= Harry Oldmeadow =

Australian academic

Kenneth "Harry" Oldmeadow (born 1947) is an Australian academic, author, editor and educator whose works focus on religion, tradition, traditionalist writers and philosophy.

==Life and career==

Oldmeadow was born in Melbourne in 1947. His parents were Christian missionaries in India and he spent the first nine years of his childhood there and developed an early interest in the civilisations of the East.

Oldmeadow studied history, politics and literature at the Australian National University, graduating in 1968 with First Class Honours in History, and the University of Sydney, as well as working as a history tutor at La Trobe University in Melbourne.
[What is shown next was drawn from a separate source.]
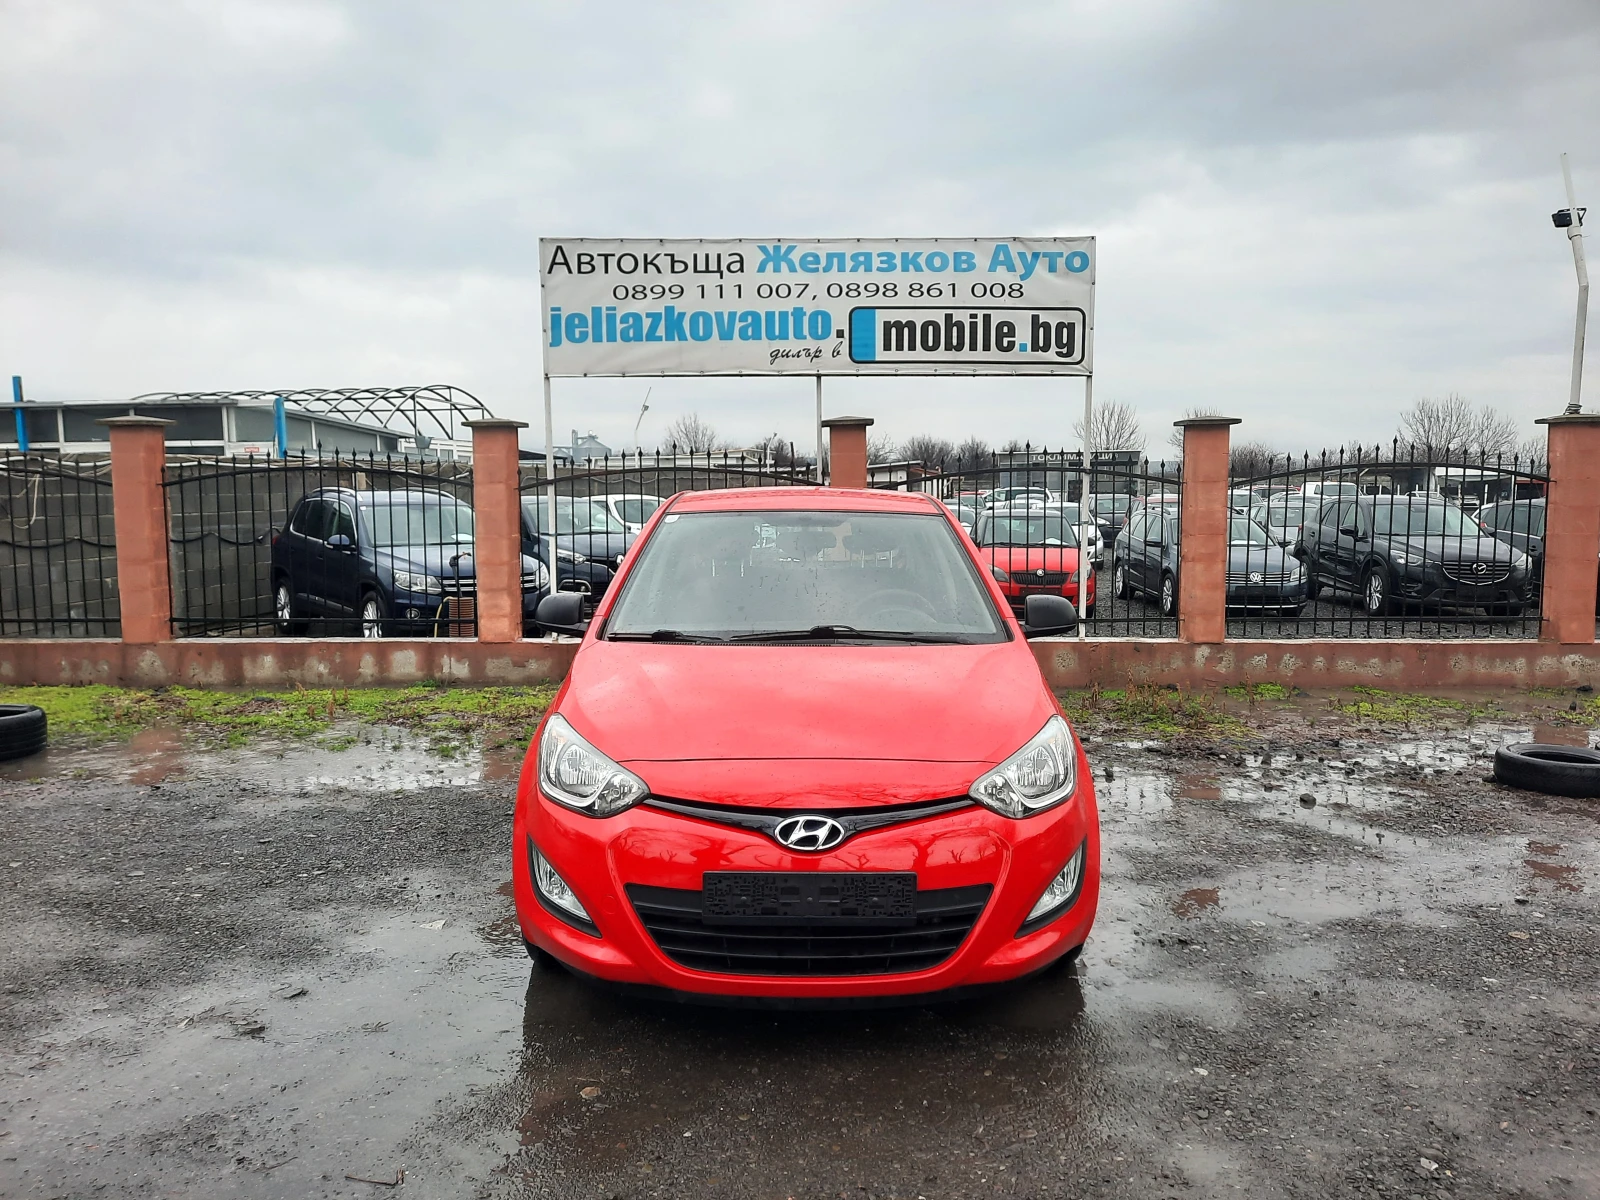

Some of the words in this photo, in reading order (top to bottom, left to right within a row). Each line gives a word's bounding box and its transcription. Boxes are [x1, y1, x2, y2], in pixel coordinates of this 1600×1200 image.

In 1971 a Commonwealth Overseas Research Scholarship allowed him to study at the University of Oxford, followed by extensive travel in Europe and North Africa.

In 1980 he achieved a master's degree in religious studies at the University of Sydney where he completed a dissertation on the work of Frithjof Schuon and the other principal traditionalist writers. This study was awarded the University of Sydney Medal for excellence in research and was eventually published by the Sri Lanka Institute of Traditional Studies under the title Traditionalism: Religion in the Light of the Perennial Philosophy (Colombo, 2000). Under the auspices of this institute, Oldmeadow delivered the Inaugural Ananda Coomaraswamy Memorial Lecture in Colombo on "The Religious Tradition of the Australian Aborigines".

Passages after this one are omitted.